Authors: C.N.S. Ph.D. Ann Louise Gittleman
BONUS TIP:
Though a fresh fruit plate is certain to be low in sodium, nutritious, and refreshing, an entire meal based on fruit can cause a blood sugar high followed by a blood sugar low, leaving you feeling lethargic an hour or two after eating. To give you the extended energy you need for long trips, order a well-balanced special meal that contains protein. You often will receive fresh fruit for dessert. If you’re
extremely
sensitive to salt or MSG, your safest choice may be a fruit plate, but eat only a small amount of fruit and make most of your meal high-protein snacks that you bring yourself. (See tip 443 for details.) Give the rest of the fruit on your plate to a traveling companion, or stuff some of the harder fruits (such as apples) in your carrying bag for later.
443
Take high-quality mini-meals with you on the plane
to sustain you if the airline gives you a meal you would rather not eat. High-protein snacks that are great for traveling are 3-ounce pop-top cans of low-sodium tuna, sandwiches made from unsalted nut butter, and the Mushroom Broccoli Cheese Muffins in tip 437.
444
Also bring low-sodium snacks with you
to replace the salty pretzels and roasted nuts commonly served on airplane flights,. Take unsalted whole grain pretzels, or an assortment of
homemade, oven-toasted nuts. These choices won’t leave you feeling deprived when you pass up the overly salted snacks handed to you on planes. You’ll also cut the salt by hundreds of milligrams. Other good snacks for trips are low-sodium, low-sugar muffins (like the Wheat-Free Banana Muffins in tip 142) and trail mixes (made with a variety of nuts and unsulphured fruits).
One to Two Salt Shakers.
445
As always, the best drink to order on airplane flights
is low-sodium bottled water. Proper hydration with low-sodium water is always important for getting the salt out, but it is especially important when flying. I find that having low-sodium, quality water is so crucial to my feeling my best when I’m traveling that I make it a point to take a bottle with me in my carry-on.
One Salt Shaker.
446
If you’re planning a cruise,
call your cruise line ahead of time to request a special diet menu low in salt. To both keep the salt out and the weight off, your best choices on board are broiled, baked, or poached meats, poultry, or fish accompanied by steamed vegetables and a green salad.
BONUS TIP:
Whether you take the time to order a special menu or not, be careful not to let eating become a full-time occupation while you’re on board. Relax and enjoy yourself during the cruise, but eat simply and exercise a lot to prevent gaining weight. Taking a cruise should be a relaxing, health-enhancing experience, not an excuse to overindulge in salty foods and come back feeling worse than you did before you left.
M
aking a commitment to keep unhealthy sodium out of your diet is a challenge. Although your sodium needs may change during different stages of life, your resolve to avoid unhealthy sodium should remain constant. Keeping that resolve isn’t always easy, of course. Physically, your body may crave salt because it’s deficient in nutrients. Emotionally, you may be tempted by salty snacks when you’re stressed. Socially, everyone from your kids to your best friends may try to coax you into eating salty foods because “everyone else does.” Also, because the issue of dietary salt doesn’t yet have the widespread media attention that fat and sugar do, you may sometimes feel a bit different from the rest of the public because you have more awareness than most people do of the hazards of refined salt. Learning to cope with these various pressures is difficult, but it is something you need to learn. So important are these personal concerns that if you know how to avoid salt in the foods you eat but never address the personal pressures you face, the chances are not good that your dietary change will last.
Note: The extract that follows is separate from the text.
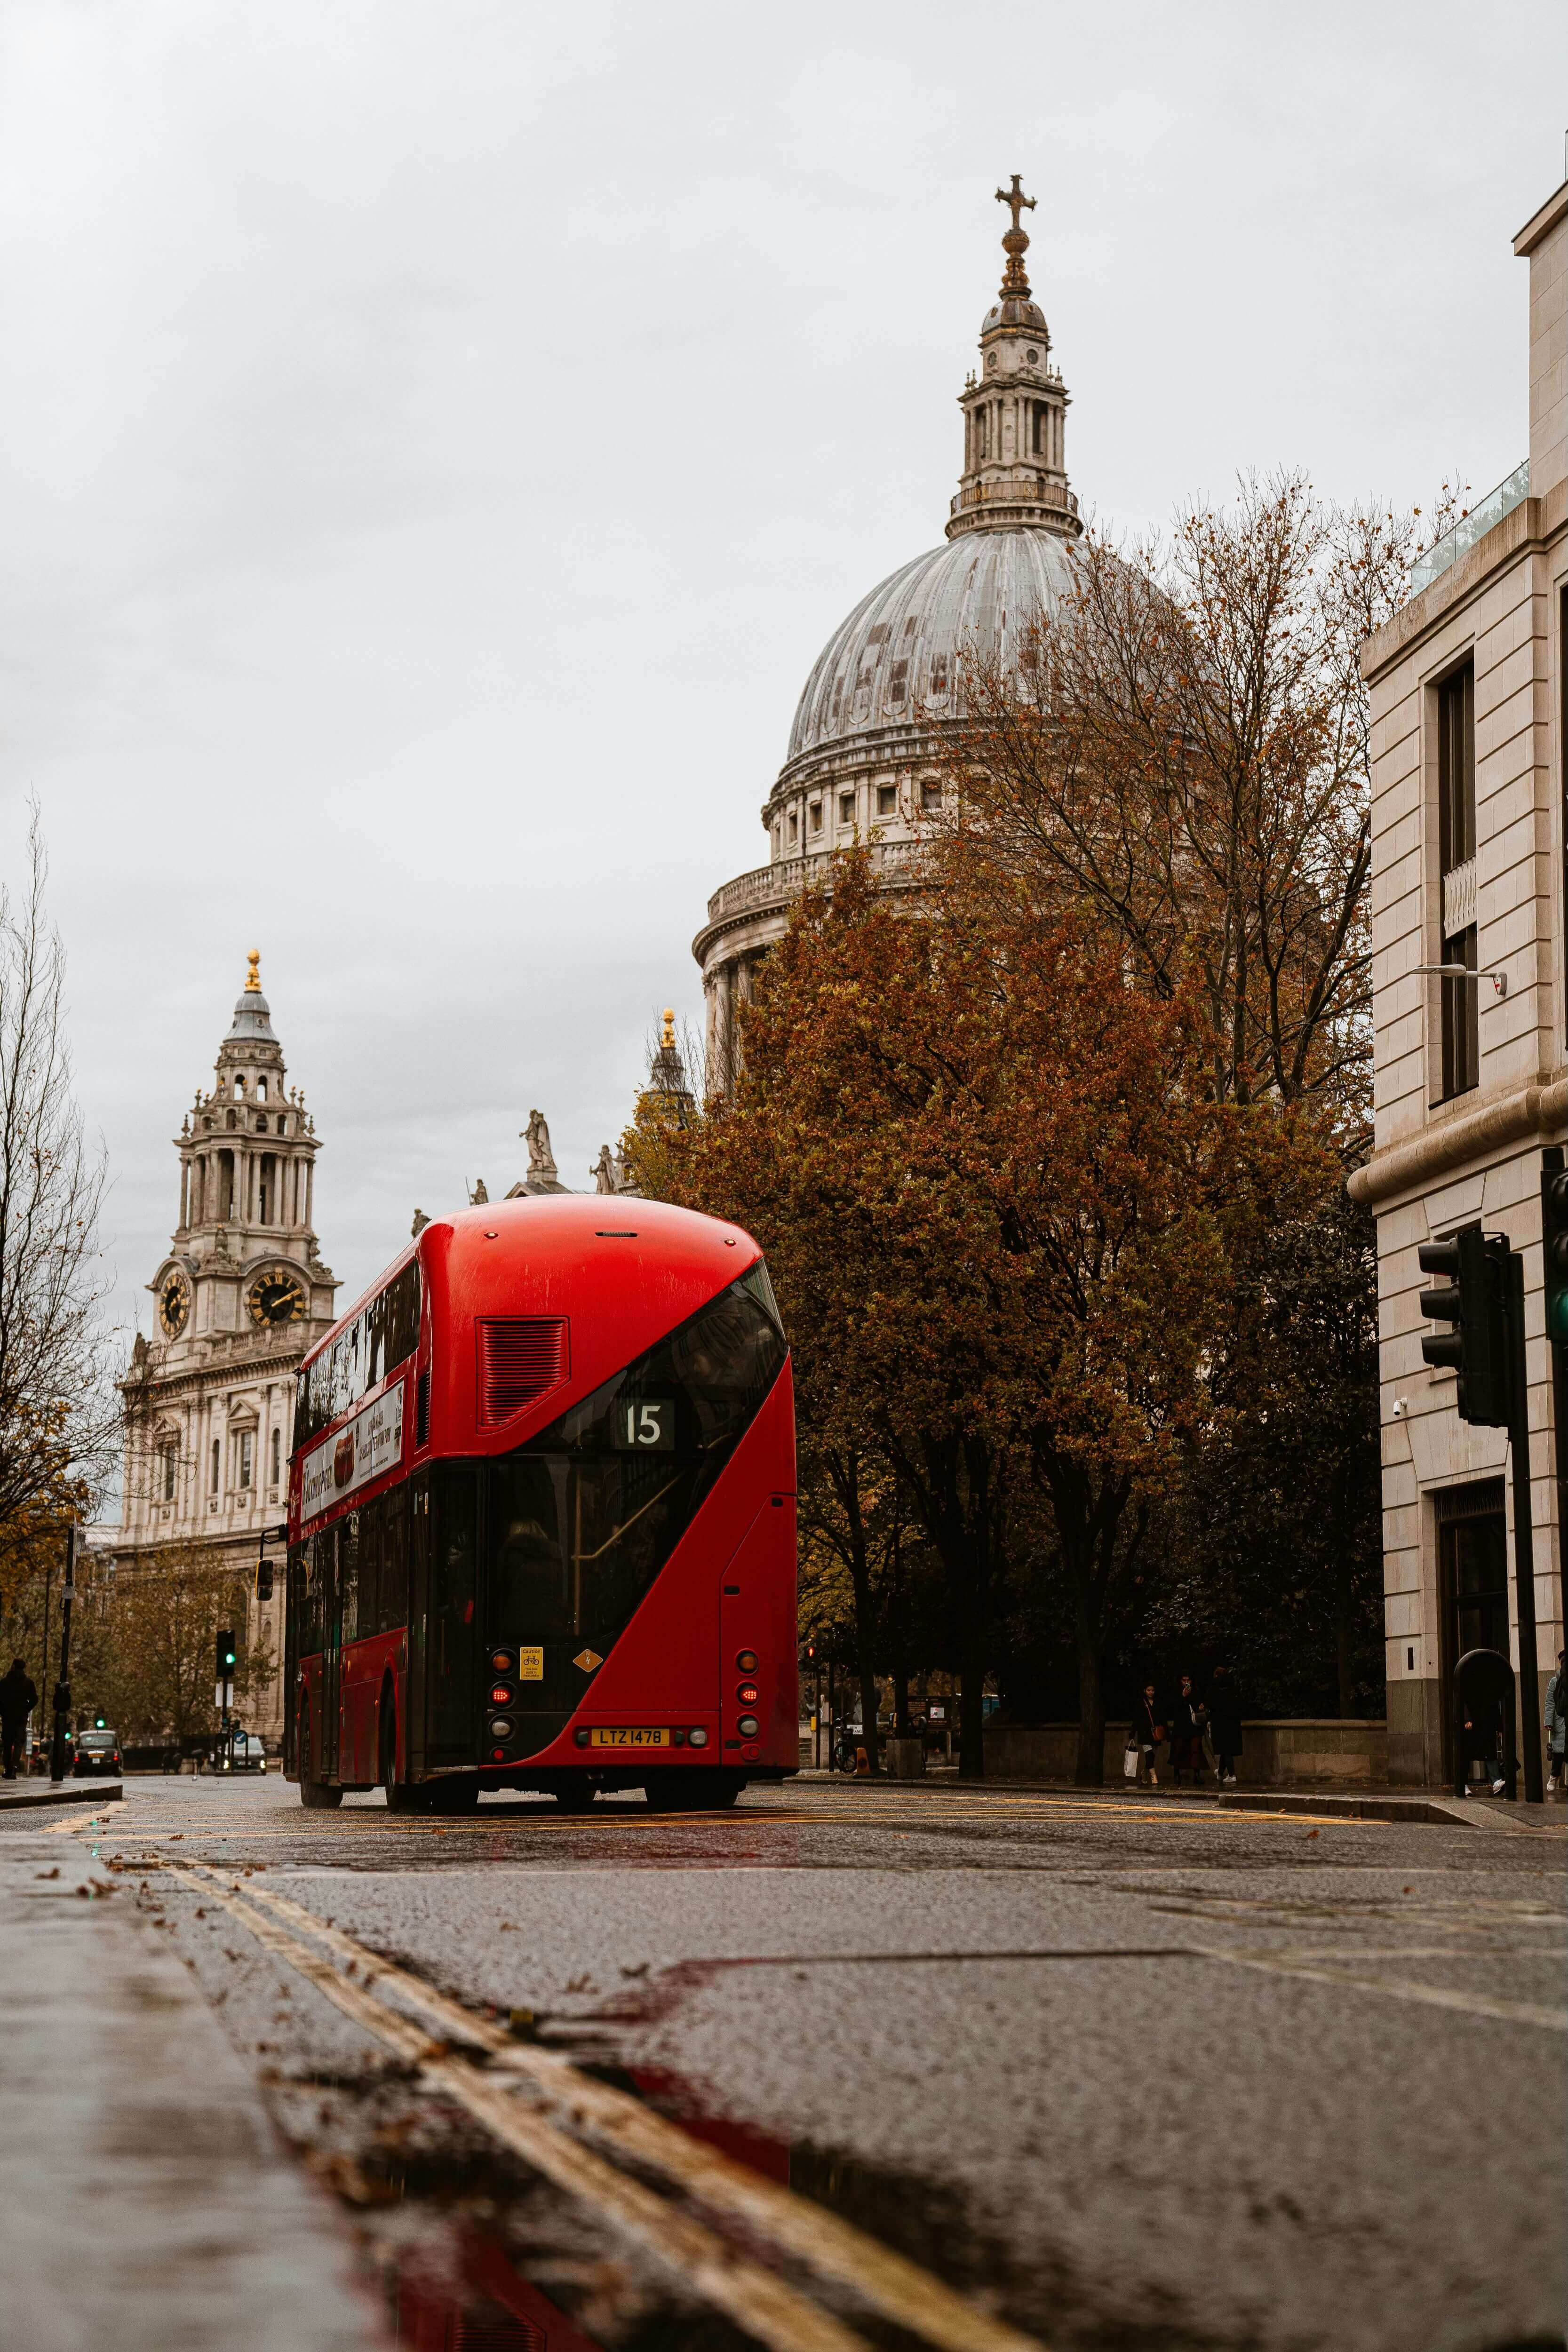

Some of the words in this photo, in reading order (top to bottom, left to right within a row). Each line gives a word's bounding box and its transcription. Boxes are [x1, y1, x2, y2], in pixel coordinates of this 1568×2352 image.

[628, 1405, 661, 1444] 15
[600, 1731, 627, 1744] LTZ
[630, 1731, 661, 1744] 1478
That’s because your beliefs, thoughts, and feelings influence your actions. The mind-body connection is so strong that some
researchers say altering attitude does, in fact, alter behavior. My professional experience bears this out. Thinking back about the thousands of clients I have seen, I can honestly tell you that those who have made the most positive and lasting dietary changes were the ones whose attitudes underwent health-enhancing transformations as well.
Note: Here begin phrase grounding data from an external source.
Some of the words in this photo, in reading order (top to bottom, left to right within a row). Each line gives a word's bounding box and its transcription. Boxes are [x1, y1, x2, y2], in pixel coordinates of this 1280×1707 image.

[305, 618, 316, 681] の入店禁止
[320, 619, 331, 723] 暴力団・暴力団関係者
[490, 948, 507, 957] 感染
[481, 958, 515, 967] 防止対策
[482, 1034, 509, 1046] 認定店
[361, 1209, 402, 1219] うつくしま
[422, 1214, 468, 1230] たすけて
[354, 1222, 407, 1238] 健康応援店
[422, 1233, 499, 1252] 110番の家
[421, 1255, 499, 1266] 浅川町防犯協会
This final chapter discusses how to cope with all the impediments you may face in your journey to get the salt out. It includes ways to overcome problems with others as well as troubles with yourself. It also covers other important health topics like stress, exercise, and weight loss. Although these subjects seem unrelated, you will see that they all play a part in your keeping the salt out and staying healthy in general.
447
Start by eliminating the sodium sources that you are the least apt to miss.
This means processed and packaged foods that contain hidden sodium additives as well as those that contain hidden salt in combination with hidden sugar.